Claudia Vicente

A vuelapluma

Claudia Vicente


La autobaja

13/01/2024

No hay mal que por bien no venga. El pico de gripe ha puesto de manifiesto la necesidad de la autobaja, que no es más que una autodeclaración responsable de que no puedes ir a trabajar, sin necesidad de cargar el sistema de atención primaria de nuestra sanidad pública, que está siempre al límite. Una medida que se toma para que los médicos de familia puedan respirar y agilizar un poco el proceso en estos días tan complicados, pero que, a mi juicio, debería venir para quedarse. Y lo digo porque yo la he tenido.

Ahora que trabajo por cuenta propia es diferente, pero cuando trabajaba por cuenta ajena, los primeros 3 días de baja no tenía que llevar ningún papel, y no pasaba nada. Una demostración de que la empresa ponía su confianza en mí y en mi criterio, sabiendo que se pilla antes a un mentiroso que a un cojo, y que somos todos adultos, que sabemos mejor que nadie lo que tenemos que hacer.

Entiendo que esta es una política que si se aplica en una agencia de publicidad, se aplicará también en un despacho de abogados, una consultora o un estudio de arquitectura. Así que el problema que tienen algunos con esta medida será que no se fían de lo que diga el peón de la fábrica, el carretillero del almacén o la que le limpia el baño de su casa, entonces de lo que estamos hablando es más de clasismo. ¡Uy, qué sorpresa!
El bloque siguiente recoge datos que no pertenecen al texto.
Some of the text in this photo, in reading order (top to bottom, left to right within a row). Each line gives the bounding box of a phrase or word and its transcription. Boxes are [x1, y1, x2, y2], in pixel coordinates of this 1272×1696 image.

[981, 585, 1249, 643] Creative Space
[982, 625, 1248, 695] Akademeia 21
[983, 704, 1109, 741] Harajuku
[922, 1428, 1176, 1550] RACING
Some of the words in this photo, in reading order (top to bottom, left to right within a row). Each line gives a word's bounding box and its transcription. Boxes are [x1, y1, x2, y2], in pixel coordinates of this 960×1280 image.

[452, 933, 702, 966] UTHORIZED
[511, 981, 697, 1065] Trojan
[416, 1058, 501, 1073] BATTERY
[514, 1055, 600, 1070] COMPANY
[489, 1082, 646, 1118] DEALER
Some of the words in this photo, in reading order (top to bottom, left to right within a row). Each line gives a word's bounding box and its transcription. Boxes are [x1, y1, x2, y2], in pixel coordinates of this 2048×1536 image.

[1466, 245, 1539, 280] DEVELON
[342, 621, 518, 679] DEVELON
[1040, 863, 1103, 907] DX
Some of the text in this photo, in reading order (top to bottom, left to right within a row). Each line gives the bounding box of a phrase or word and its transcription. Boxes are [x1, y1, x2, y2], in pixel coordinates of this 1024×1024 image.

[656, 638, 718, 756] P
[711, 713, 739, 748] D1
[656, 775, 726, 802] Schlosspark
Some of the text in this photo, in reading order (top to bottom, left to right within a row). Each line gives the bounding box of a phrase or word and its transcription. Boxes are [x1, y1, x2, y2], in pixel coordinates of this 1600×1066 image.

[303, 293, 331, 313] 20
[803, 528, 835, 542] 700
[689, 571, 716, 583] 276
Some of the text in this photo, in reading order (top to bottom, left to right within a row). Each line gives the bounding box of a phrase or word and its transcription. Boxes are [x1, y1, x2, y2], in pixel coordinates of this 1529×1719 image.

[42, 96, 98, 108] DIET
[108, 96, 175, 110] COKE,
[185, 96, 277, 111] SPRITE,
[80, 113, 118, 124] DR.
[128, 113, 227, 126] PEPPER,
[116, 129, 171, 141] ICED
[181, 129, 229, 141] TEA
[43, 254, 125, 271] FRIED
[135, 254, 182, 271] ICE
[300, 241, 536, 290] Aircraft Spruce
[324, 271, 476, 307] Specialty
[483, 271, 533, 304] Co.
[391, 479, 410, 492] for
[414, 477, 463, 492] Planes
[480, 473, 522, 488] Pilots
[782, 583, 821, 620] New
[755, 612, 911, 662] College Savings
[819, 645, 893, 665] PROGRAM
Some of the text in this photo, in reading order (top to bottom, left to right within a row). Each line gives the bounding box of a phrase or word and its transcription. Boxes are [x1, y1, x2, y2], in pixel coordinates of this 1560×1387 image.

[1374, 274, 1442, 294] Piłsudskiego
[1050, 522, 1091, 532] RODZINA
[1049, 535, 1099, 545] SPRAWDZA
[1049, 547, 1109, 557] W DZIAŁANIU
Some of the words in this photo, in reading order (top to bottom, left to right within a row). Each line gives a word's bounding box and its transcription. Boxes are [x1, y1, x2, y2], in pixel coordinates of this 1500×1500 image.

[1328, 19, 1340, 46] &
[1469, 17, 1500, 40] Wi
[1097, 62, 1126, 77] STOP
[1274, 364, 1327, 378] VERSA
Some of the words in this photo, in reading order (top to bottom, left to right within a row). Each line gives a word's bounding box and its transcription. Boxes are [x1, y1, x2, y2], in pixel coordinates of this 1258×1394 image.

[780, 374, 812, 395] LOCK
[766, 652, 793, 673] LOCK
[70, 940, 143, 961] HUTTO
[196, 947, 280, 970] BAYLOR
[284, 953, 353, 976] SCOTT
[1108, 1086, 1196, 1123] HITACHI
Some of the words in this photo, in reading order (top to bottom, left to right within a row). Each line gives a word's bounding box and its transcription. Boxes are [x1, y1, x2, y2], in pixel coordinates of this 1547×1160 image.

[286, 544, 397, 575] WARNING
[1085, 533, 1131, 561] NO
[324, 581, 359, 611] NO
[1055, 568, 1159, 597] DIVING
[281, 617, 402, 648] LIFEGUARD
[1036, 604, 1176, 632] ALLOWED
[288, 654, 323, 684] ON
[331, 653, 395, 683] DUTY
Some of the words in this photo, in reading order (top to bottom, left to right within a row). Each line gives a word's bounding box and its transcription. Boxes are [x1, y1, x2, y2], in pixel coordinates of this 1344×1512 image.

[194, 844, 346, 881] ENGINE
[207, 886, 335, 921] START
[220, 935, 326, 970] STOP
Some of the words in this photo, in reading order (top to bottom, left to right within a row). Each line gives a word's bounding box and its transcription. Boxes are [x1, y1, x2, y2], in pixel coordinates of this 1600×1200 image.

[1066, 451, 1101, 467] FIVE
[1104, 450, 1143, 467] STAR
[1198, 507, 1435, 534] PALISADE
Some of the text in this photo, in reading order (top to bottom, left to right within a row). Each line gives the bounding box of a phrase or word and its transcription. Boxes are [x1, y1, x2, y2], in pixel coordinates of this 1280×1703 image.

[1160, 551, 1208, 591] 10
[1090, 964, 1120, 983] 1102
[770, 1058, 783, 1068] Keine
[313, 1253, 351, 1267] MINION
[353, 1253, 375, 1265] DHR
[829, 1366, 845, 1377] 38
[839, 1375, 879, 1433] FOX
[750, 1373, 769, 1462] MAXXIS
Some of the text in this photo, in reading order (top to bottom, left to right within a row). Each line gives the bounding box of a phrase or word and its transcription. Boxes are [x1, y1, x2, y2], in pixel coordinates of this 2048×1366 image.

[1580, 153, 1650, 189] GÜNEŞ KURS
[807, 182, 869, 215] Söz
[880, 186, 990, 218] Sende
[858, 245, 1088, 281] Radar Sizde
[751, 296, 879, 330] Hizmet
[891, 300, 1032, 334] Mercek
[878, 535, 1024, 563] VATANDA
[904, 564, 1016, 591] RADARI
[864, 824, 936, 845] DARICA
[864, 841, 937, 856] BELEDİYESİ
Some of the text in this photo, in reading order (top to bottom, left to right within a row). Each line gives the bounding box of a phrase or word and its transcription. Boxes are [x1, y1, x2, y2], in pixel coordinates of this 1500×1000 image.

Además, con la declaración responsable nos quitaríamos de en medio el estigma de las bajas menstruales, que manda ovarios que las tuvieran que tipificar, como si alguna de nosotras eligiera tener dolores de parto cada 28 días y estar incapacitada antes que ir a trabajar. O las que tienen migrañas, en ese momento en el que te estalla la cabeza y tienes que tirarte al suelo y bajar las persianas ¿a quién llamas?, ¿a tu jefa o compañera para decirle que no puedes ir, o al centro de salud que te da la cita para la semana que viene?

Si como empresario no crees al trabajador que te dice que está enfermo, quizás no deberías haberlo contratado, o que tienes algún gatito en el estómago, porque algo estás haciendo mal para que prefiera mentir y quedarse en casa, arriesgándose a un despido procedente.